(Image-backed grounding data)
■ ■ ■

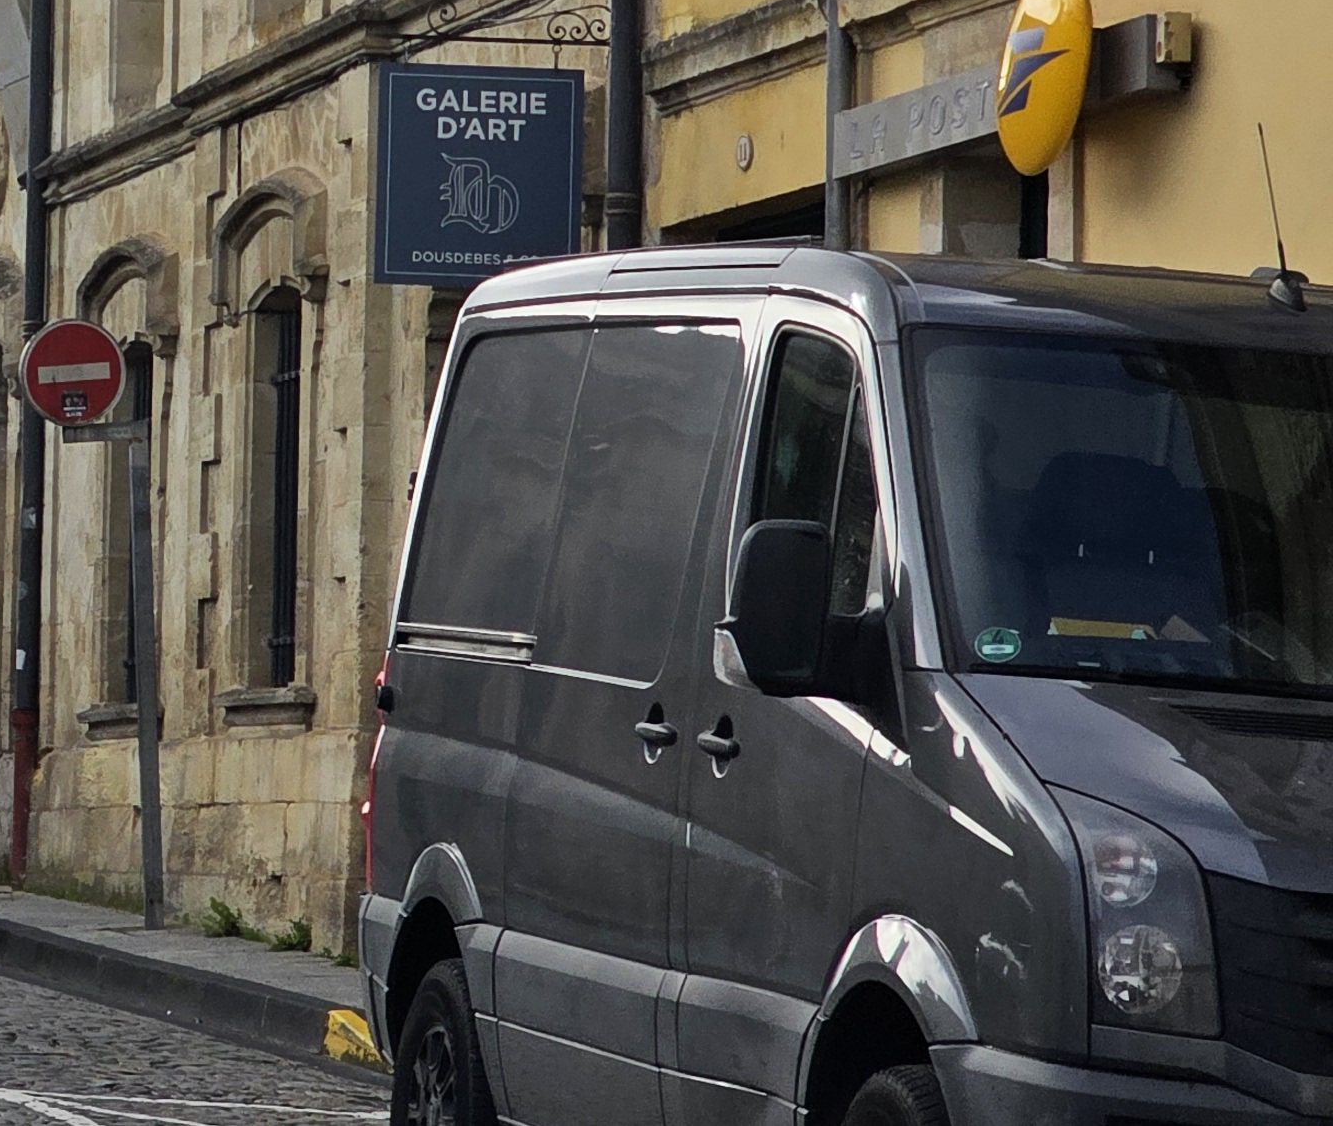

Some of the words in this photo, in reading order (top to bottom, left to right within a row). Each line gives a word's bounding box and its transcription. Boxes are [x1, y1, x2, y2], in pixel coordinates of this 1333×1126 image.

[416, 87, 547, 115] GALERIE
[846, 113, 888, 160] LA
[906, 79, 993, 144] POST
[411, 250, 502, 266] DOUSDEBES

■ ■ ■

**WHAT YOU HAVE TO DO**
Repeat, exactly and in full, all records above, but include no pictures.

**THE ANSWER**
Some of the words in this photo, in reading order (top to bottom, left to right within a row). Each line gives a word's bounding box and its transcription. Boxes are [x1, y1, x2, y2], in pixel coordinates of this 1333×1126 image.

[416, 87, 547, 115] GALERIE
[846, 113, 888, 160] LA
[906, 79, 993, 144] POST
[411, 250, 502, 266] DOUSDEBES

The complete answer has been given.